I have been on this roller coaster for a year as of this Thursday, and while I have done an incredible job of finding myself and GAL, if I do say so myself, I have found there are whole weeks when I can't pull myself out of the dumps and the H-focus. The past couple weeks were like that - I even found myself begging him to just come home ... something I thought I had more than left behind months ago b/c I knew it wasn't going to happen. This week, though, I'm back up, detaching a bit more each day, and while I wonder if the certainty that would come with a divorce would be a relief, I just don't know...
I wonder how much I have to find that balance - that steady space - despite the limbo; that even if we did divorce, that I would continue to ride this roller coaster of what if and why every once in a while anyway.

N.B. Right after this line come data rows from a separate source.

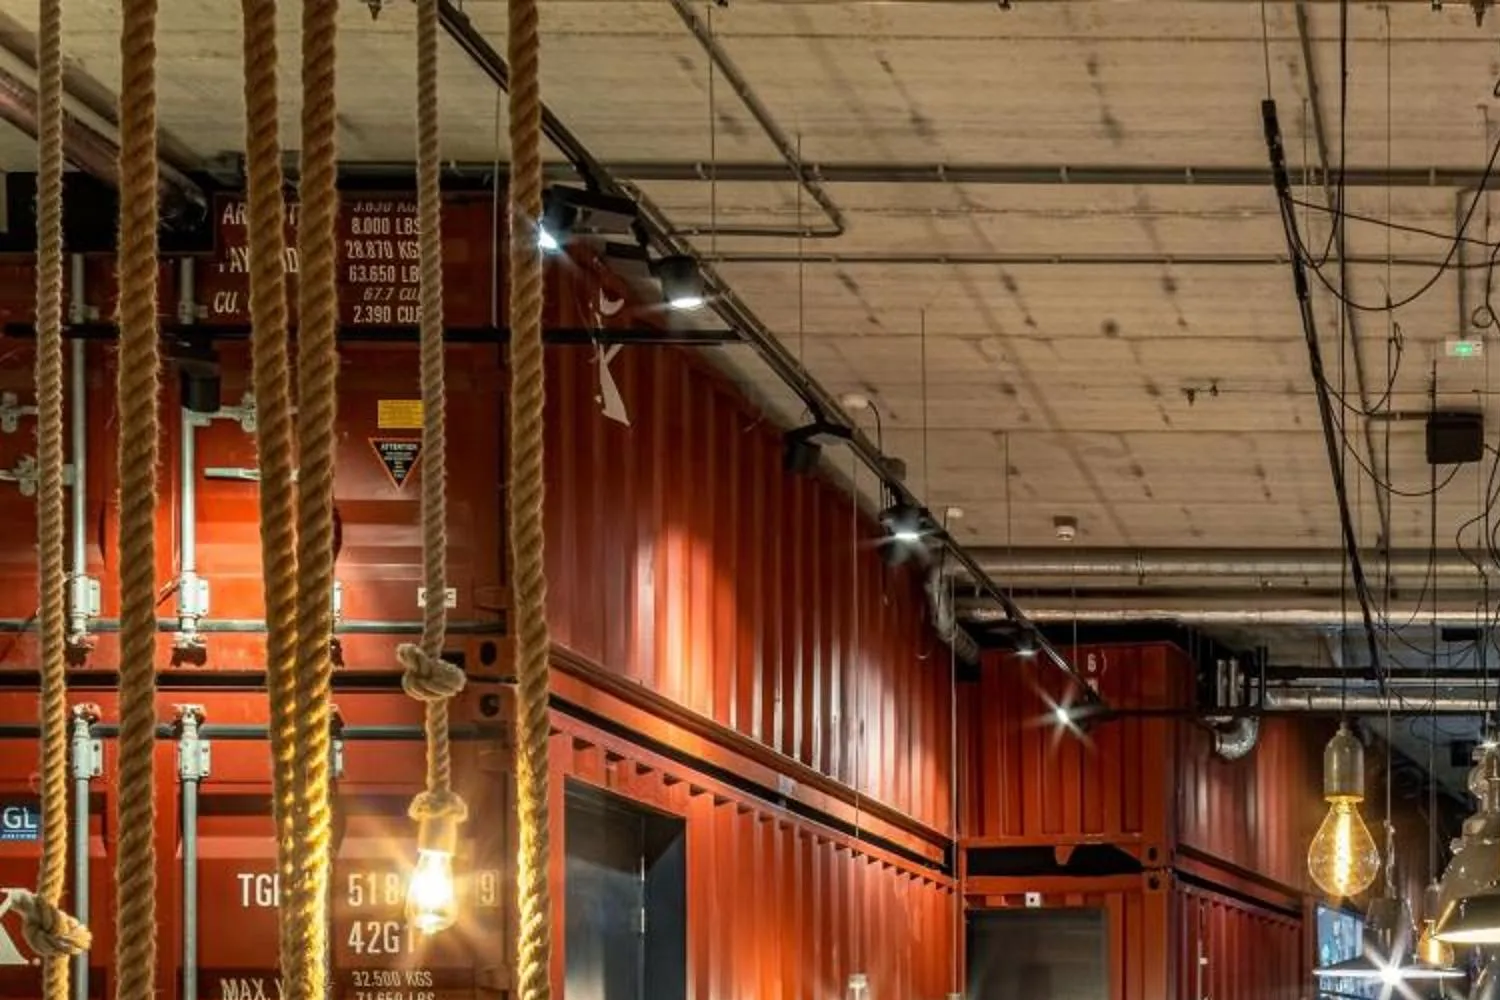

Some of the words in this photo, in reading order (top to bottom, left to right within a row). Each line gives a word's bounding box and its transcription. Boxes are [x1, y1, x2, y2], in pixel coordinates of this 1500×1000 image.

[352, 217, 391, 235] 8.000
[402, 265, 421, 283] LB
[353, 305, 391, 323] 2.390
[3, 807, 37, 829] GL
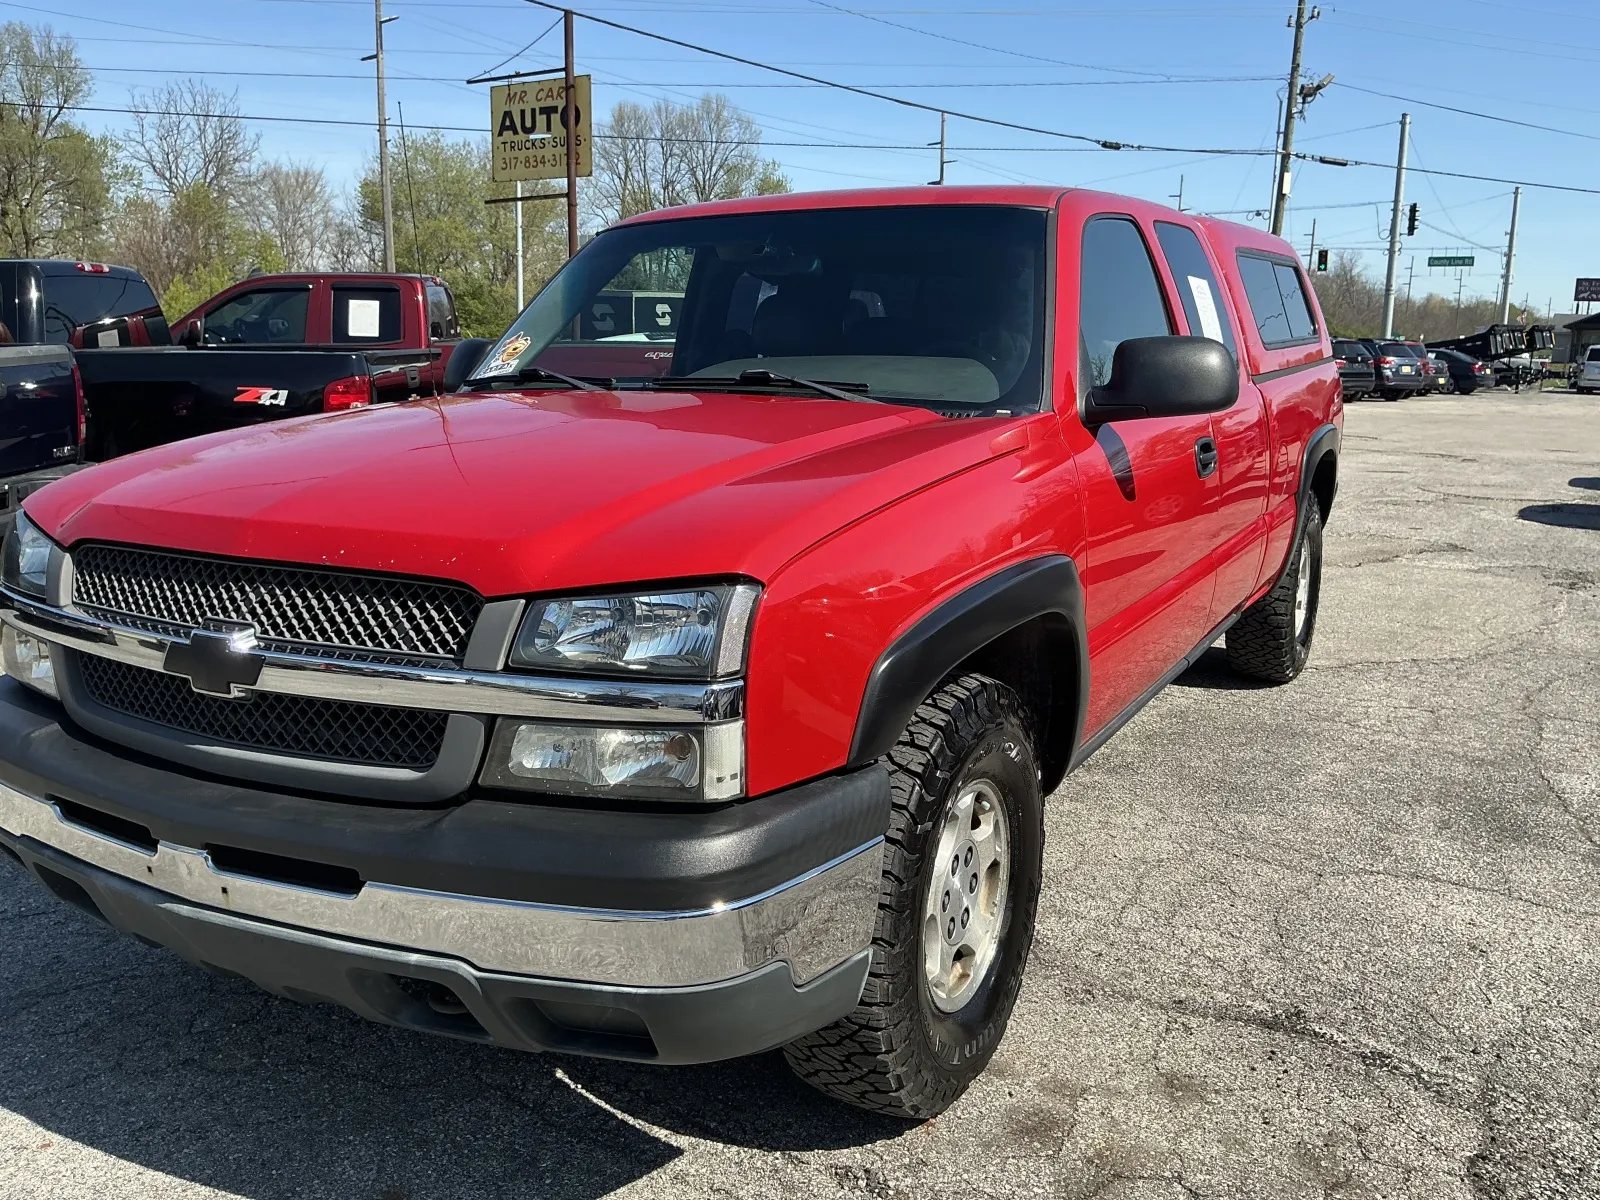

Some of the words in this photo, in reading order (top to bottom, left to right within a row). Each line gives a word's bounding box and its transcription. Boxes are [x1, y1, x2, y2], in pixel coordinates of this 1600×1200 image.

[505, 90, 529, 106] MR.
[497, 105, 581, 137] AUTO
[501, 138, 546, 152] TRUCKS
[551, 134, 582, 148] SUS
[1430, 258, 1449, 266] County
[233, 386, 289, 406] Z71

I know that my grieving process I went through for my sister when she died 22 1/2 years ago is so similar to this: even when I have found a good "spot" for her to be, when I know that I'm not obsessing or focusing on or feeling her loss all the time, there are still days when that painful sadness leaps out and grabs me - and each time I think, "WTH?"
I don't have any better answers than you're finding already, I think. Keep trying to reach for your own place and to hold onto your own worth, and then be gentle with yourself when those panics and painful spots come back. Consider this: wouldn't you hate to feel balanced quickly? Wouldn't that require that your love have been a whole lot less deep?
IMHO, it makes sense that doubts and questions about what we are doing should arise, especially as we find strength and consider where else we can go - even just where else we must go with our marriages. Transitions are never simple.
I hope you keep finding support here, and know you're not alone!